* Entries supplied:
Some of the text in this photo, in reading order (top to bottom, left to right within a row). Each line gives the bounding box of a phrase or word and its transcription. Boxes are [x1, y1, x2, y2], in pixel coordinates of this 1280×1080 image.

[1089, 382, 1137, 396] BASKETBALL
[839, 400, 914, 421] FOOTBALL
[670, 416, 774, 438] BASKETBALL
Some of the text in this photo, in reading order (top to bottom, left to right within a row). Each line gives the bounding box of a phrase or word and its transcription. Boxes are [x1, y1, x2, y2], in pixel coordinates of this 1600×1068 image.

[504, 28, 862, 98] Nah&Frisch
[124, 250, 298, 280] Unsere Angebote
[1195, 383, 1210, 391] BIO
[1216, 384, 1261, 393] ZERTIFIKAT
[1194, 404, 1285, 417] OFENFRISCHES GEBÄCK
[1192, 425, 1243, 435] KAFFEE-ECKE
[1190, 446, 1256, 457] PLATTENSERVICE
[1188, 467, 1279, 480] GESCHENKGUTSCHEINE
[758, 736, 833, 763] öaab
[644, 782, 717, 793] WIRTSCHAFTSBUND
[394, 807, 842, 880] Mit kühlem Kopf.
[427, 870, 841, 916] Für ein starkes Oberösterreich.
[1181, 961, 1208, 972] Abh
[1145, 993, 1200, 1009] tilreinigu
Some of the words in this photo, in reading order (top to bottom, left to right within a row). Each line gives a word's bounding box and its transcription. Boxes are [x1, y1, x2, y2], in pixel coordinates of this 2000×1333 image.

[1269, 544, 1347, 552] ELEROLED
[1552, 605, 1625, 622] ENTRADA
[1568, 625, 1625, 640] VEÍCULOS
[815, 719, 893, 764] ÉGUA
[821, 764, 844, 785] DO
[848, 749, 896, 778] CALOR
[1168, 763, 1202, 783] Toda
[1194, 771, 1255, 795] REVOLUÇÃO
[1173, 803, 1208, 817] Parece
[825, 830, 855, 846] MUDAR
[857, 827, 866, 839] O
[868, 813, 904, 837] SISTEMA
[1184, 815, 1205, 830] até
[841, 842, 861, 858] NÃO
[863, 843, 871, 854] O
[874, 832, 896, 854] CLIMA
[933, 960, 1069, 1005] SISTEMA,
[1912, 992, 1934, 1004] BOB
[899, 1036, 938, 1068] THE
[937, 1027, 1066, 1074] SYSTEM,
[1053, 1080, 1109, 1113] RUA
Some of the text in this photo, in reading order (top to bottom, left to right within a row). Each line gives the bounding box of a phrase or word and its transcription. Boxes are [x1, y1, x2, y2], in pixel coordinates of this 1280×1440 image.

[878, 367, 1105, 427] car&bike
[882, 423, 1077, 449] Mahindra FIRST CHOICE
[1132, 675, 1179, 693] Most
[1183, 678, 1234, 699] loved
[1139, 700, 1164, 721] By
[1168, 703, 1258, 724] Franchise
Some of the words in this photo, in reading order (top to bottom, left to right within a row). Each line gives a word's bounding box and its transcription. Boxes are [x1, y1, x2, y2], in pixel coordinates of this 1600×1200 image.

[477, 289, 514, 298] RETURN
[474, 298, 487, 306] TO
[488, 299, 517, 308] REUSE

* Work instructions: Reproduce the records above exactly, character for character.

* Answer space:
Some of the text in this photo, in reading order (top to bottom, left to right within a row). Each line gives the bounding box of a phrase or word and its transcription. Boxes are [x1, y1, x2, y2], in pixel coordinates of this 1280×1080 image.

[1089, 382, 1137, 396] BASKETBALL
[839, 400, 914, 421] FOOTBALL
[670, 416, 774, 438] BASKETBALL
Some of the text in this photo, in reading order (top to bottom, left to right within a row). Each line gives the bounding box of a phrase or word and its transcription. Boxes are [x1, y1, x2, y2], in pixel coordinates of this 1600×1068 image.

[504, 28, 862, 98] Nah&Frisch
[124, 250, 298, 280] Unsere Angebote
[1195, 383, 1210, 391] BIO
[1216, 384, 1261, 393] ZERTIFIKAT
[1194, 404, 1285, 417] OFENFRISCHES GEBÄCK
[1192, 425, 1243, 435] KAFFEE-ECKE
[1190, 446, 1256, 457] PLATTENSERVICE
[1188, 467, 1279, 480] GESCHENKGUTSCHEINE
[758, 736, 833, 763] öaab
[644, 782, 717, 793] WIRTSCHAFTSBUND
[394, 807, 842, 880] Mit kühlem Kopf.
[427, 870, 841, 916] Für ein starkes Oberösterreich.
[1181, 961, 1208, 972] Abh
[1145, 993, 1200, 1009] tilreinigu
Some of the words in this photo, in reading order (top to bottom, left to right within a row). Each line gives a word's bounding box and its transcription. Boxes are [x1, y1, x2, y2], in pixel coordinates of this 2000×1333 image.

[1269, 544, 1347, 552] ELEROLED
[1552, 605, 1625, 622] ENTRADA
[1568, 625, 1625, 640] VEÍCULOS
[815, 719, 893, 764] ÉGUA
[821, 764, 844, 785] DO
[848, 749, 896, 778] CALOR
[1168, 763, 1202, 783] Toda
[1194, 771, 1255, 795] REVOLUÇÃO
[1173, 803, 1208, 817] Parece
[825, 830, 855, 846] MUDAR
[857, 827, 866, 839] O
[868, 813, 904, 837] SISTEMA
[1184, 815, 1205, 830] até
[841, 842, 861, 858] NÃO
[863, 843, 871, 854] O
[874, 832, 896, 854] CLIMA
[933, 960, 1069, 1005] SISTEMA,
[1912, 992, 1934, 1004] BOB
[899, 1036, 938, 1068] THE
[937, 1027, 1066, 1074] SYSTEM,
[1053, 1080, 1109, 1113] RUA
Some of the text in this photo, in reading order (top to bottom, left to right within a row). Each line gives the bounding box of a phrase or word and its transcription. Boxes are [x1, y1, x2, y2], in pixel coordinates of this 1280×1440 image.

[878, 367, 1105, 427] car&bike
[882, 423, 1077, 449] Mahindra FIRST CHOICE
[1132, 675, 1179, 693] Most
[1183, 678, 1234, 699] loved
[1139, 700, 1164, 721] By
[1168, 703, 1258, 724] Franchise
Some of the words in this photo, in reading order (top to bottom, left to right within a row). Each line gives a word's bounding box and its transcription. Boxes are [x1, y1, x2, y2], in pixel coordinates of this 1600×1200 image.

[477, 289, 514, 298] RETURN
[474, 298, 487, 306] TO
[488, 299, 517, 308] REUSE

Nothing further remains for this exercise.